Sering pula kebakaran dibagi-bagi berdasarkan luas areal yang terbakar, yaitu sebagai berikut :

1. Kelas A : kebakaran meliputi 1000 m2.

2. Kelas B : kebakaran meliputi 1000 m2 - 40.000 m2 (0,04 km2). 3. Kelas C : kebakaran meliputi 0,04 km2 - 0,4 km2.

4. Kelas D : kebakaran meliputi 0,4 km2 - 1,2 km2. 5. Kelas E : kebakaran meliputi 1,2 km2.

2.5.3 Dampak Kebakaran

Menurut Syaufina (2005), tidak selamanya kebakaran hutan berdampak merugikan bagi lingkungan. Tetapi, perlu kajian lebih lanjut sampai sejauh mana dampak menguntungkan kebakaran hutan dapat dirasakan dan seberapa besar jika dibandingkan dengan dampaknya yang merugikan.

1. Dampak kebakaran hutan yang menguntungkan

Di beberapa negara maju, pembakaran terkendali dilakukan secara periodik untuk mengurangi potensi bahan bakar sehingga dapat menghindarkan kebakaran yang lebih besar. Kegiatan pembakaran juga digunakan untuk memusnahkan hama dan penyakit apabila serangannya sudah tidak terkendali. Namun demikian, pembakaran terkendali ini perlu pengetahuan yang memadai mengenai teknik-teknik pembakaran, waktu pembakaran dan perilaku api.

Terhadap lahan hutan, abu hasil proses pembakaran dapat meningkatakn pH tanah hutan yang pada umumnya bersifat masam. Disamping itu kandungan mineral yang tinggi dapat merupakan sumber nutrisi bagi tanaman yang akan hidup di atasnya. Tetapi, sumbangan nutrisi ini tidak berlangsung lama. Terutama apabila terjadi hujan sehingga proses pencucian akan mudah terjadi.

Adanya ekosistem yang bergantung pada api menunjukkan bahwa untuk jenis-jenis tertentu kebakaran dapat melestarikan keberadaannya. Hal ini ditunjukkan dengan adanya sifat adaptasi vegetasi terhadap api yang dikenal dengan istilah fire adaptive traits. Beberapa contoh dari adaptasi ini adalah : a. Ketebalan kulit kayu

Faktor utama yang menentukan sejenis pohon atau semak sebagai jenis resisten terhadap api adalah ketebalan kulitnya. Pohon atau semak yang


(28)

memiliki ketebalan kulit antar 1,0 – 1,3 cm akan mengalami kerusakan yang ringan apabila terbakar (Wright dan Bailey, 1982 dalam Syaufina 2005). Biasanya kulit kayu pohon yang muda akan lebih tipis dibandingkan dengan kayu tua.

b. Tunas yang terlindung

Beberapa jenis vegetasi memiliki kemampuan untuk melindungi tunasnya dari api dengan berbagai bentuk. Pinus palustris melindungi tunasnya dengan dedaunan yang tidak terbakar, Eucaliptus melindungi tunasnya jauh di dalam batang, beberapa jenis semak dan pohon seperti Populus menempatkan tunasnya di dalam akar bawah tanah.

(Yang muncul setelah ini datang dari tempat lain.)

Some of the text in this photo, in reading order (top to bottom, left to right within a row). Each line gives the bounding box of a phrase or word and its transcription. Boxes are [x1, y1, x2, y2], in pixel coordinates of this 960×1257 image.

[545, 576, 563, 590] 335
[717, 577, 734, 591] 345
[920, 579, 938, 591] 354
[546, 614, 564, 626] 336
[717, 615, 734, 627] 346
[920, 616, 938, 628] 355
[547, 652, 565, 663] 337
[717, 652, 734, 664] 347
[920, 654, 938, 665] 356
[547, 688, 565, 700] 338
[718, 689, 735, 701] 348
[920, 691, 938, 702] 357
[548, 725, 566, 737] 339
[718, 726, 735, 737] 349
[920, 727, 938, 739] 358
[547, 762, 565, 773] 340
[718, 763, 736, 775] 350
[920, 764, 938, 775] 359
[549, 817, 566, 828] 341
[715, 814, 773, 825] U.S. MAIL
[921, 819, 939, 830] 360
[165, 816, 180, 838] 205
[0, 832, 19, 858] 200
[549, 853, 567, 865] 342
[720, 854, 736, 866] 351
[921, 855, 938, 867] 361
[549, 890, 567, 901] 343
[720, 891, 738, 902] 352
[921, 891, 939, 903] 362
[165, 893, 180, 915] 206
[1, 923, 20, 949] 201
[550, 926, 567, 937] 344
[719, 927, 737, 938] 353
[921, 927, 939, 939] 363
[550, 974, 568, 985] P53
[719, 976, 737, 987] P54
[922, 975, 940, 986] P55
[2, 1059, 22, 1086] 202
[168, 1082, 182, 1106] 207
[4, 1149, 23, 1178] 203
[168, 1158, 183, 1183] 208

c. Pertuanasan yang distimulasi api

Tumbuhnya tunas di bagian bawah merupakan hal yang biasa untuk beberapa jenis pohon dan semak setelah api menghancurkan bagian-bagian dedaunan dan rantingnya. Bakal tunas bersifat dorman pada saat vegetasi tersebut hidup. Adanya api akan menstimulasi bakal tunas yang dorman tadi untuk tumbuh. Pertumbuhan tunas setelah kebakaran biasanya, berhubungan dengan umur tanaman, ukuran batang, musim, frekuensi kebakaran, dan kekerasan kebakaran.

d. Penyebaran biji api

Jenis-jenis pinus umumnya menyimpan bijinya dengan mekanisme tertentu did dalam kerucut yang terbalut dengan bahan resin yang sensitif terhadap api sehingga sulit untuk diambil. Dengan adanya api, buah pinus akan membuka dan mengeluarkan bijinya. Seringkali biji akan jatuh di atas permukaan tanah yang kaya akan abu dan mineral hasil dari proses pembakaran. Akibatnya, biji akan cepat berkecambah dan tumbuh dengan bantuan sinar matahari yang jatuh ke lantai hutan.

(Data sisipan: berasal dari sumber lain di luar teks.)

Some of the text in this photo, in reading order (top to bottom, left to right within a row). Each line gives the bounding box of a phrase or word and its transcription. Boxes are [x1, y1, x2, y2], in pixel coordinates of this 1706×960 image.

e. Perkecambahan biji yang dibantu oleh api

Perkecambahan biji yang tersimpan di dalam tanah dapat distimulasi oleh adanya panas api.

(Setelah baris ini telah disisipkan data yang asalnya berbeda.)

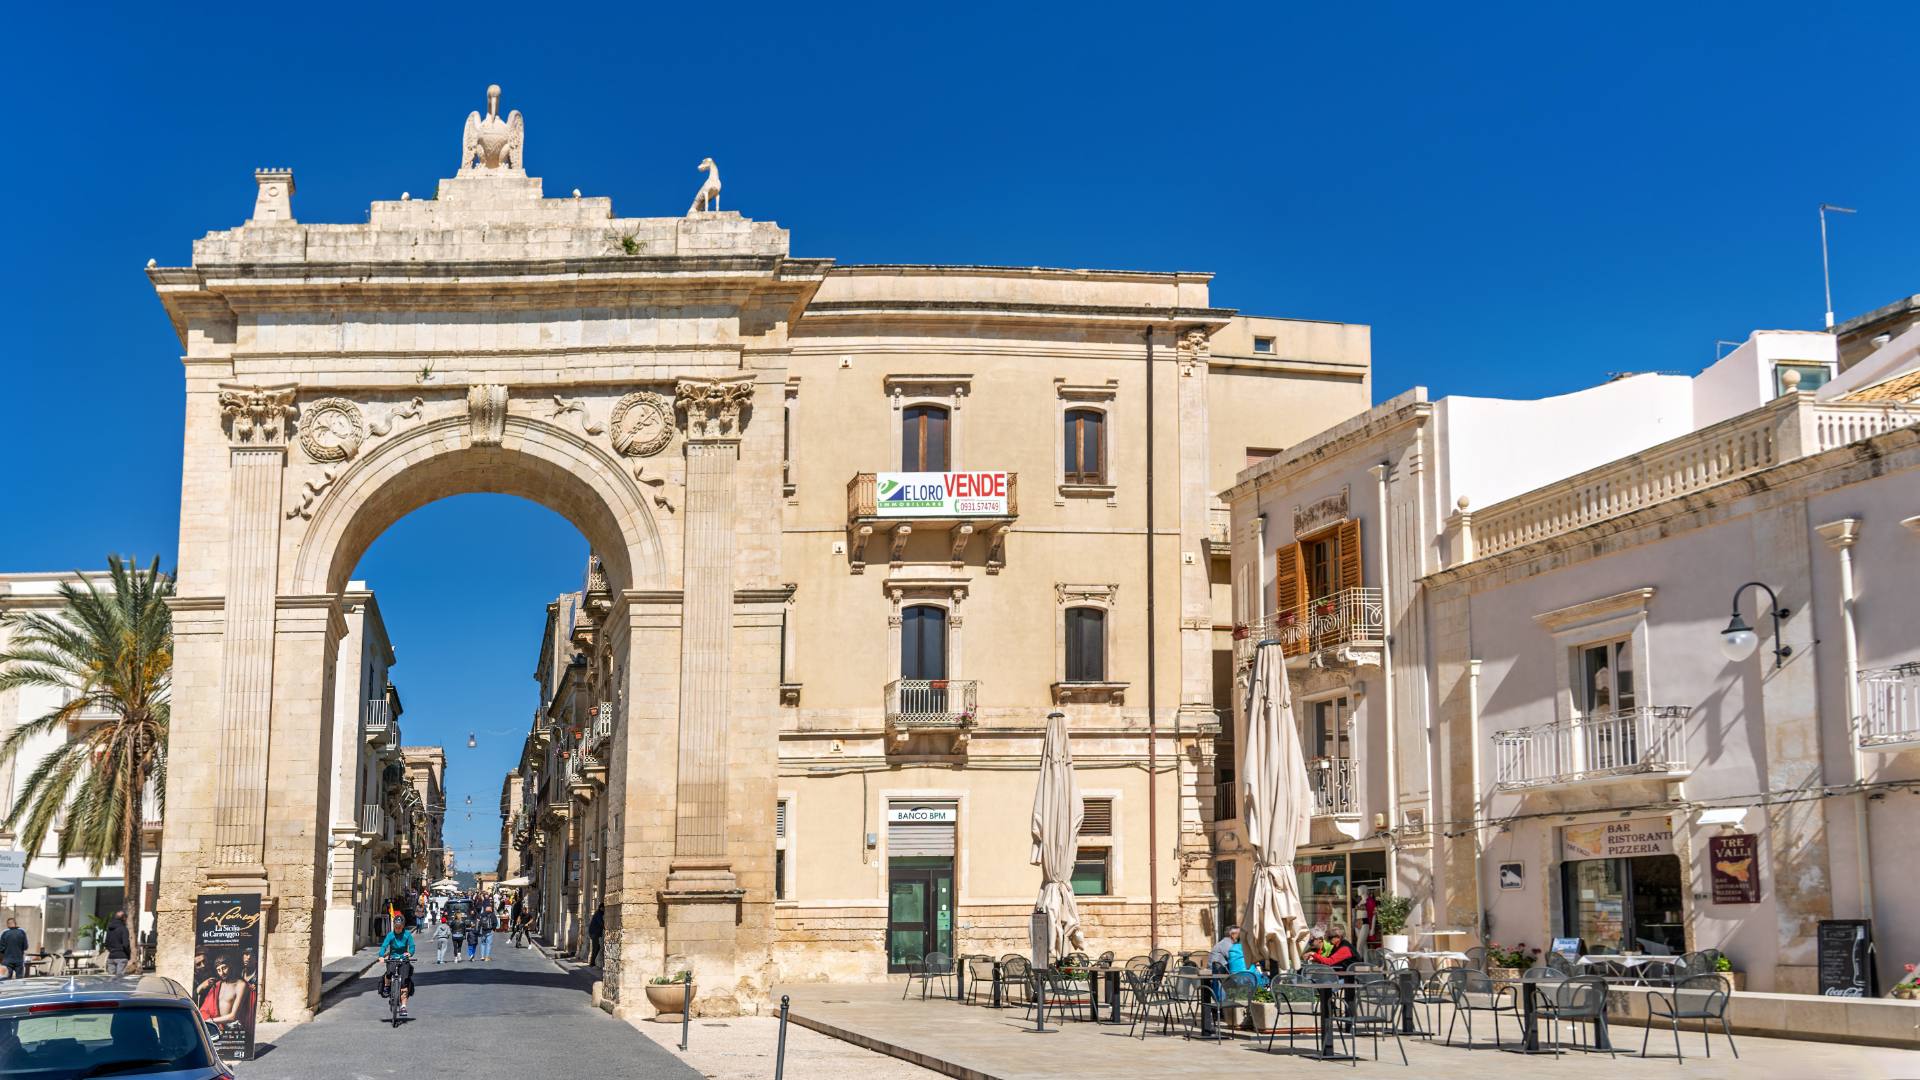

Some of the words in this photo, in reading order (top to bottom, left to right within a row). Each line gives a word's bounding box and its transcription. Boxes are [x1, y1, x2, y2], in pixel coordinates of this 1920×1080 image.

[944, 474, 1005, 497] VENDE
[905, 485, 943, 501] ELORO
[898, 812, 928, 820] BANCO
[929, 812, 946, 820] BPM
[1607, 824, 1631, 833] BAR
[1721, 838, 1744, 847] TRE
[1608, 843, 1660, 855] PIZZERIA
[1716, 848, 1752, 857] VALLI
[209, 930, 240, 939] Caravaggio

2. Dampak kebakaran yang merugikan

Tidak diragukan lagi bahwa kebakaran memberikan dampak yang merugikan bagi lingkungan. Berikut ini akan dipaparkan beberapa dampak


(29)

yang merugikan dari kebakaran hutan terhadapa vegetasi, tanah, air, dan udara secara ringkas.

a. Terhadap vegetasi

Pada kisaran suhu antara 130 C hingga 190 C, lignin dan hemisellulosa sebagai penyusun bahan bakar hutan akan mulai terdegradasi. Proses dekomposisi dari kedua jenis bahan penyusun tadi akan dipercepat pada suhu 200 C. Panas yang dihasilkan dalam suatu kebakaran dapat mencapai lebih dari 1000 C. Akibatnya kebakaran hutan dapat menyebabkan kematian vegetasi. Apabila panas yang dihasilkan masih memungkinkan vegetasi untuk hidup, maka akan tertinggal luka-luka akibat kebakaran yang akhirnya akan merangsang pertumbuhan hama dan penyakit atau menghasilkan cacat permanen. Sebagi konsekuensinya, riap hutan akan menurun dan fungsi lindung hutan hilang. Bagi semai atau anakan pohon yang memiliki jaringan tanaman yang masih muda, api akan menyebabkan kematian secara langsung. Hal ini tentu saja akan menghambat proses regenerasi hutan.

b. Terhadap tanah

Kebakaran akan memberikan dampak kepada sifat fisik, kimia, dan biologi tanah dengan tahapan yang berbeda tergantung kepada beberapa faktor, seperti : karakteristik tanah, intensitas, dan lamanya kebakaran, waktu dan intensitas hujan setelah terjadinya kebakaran serta sifat bahan bakar.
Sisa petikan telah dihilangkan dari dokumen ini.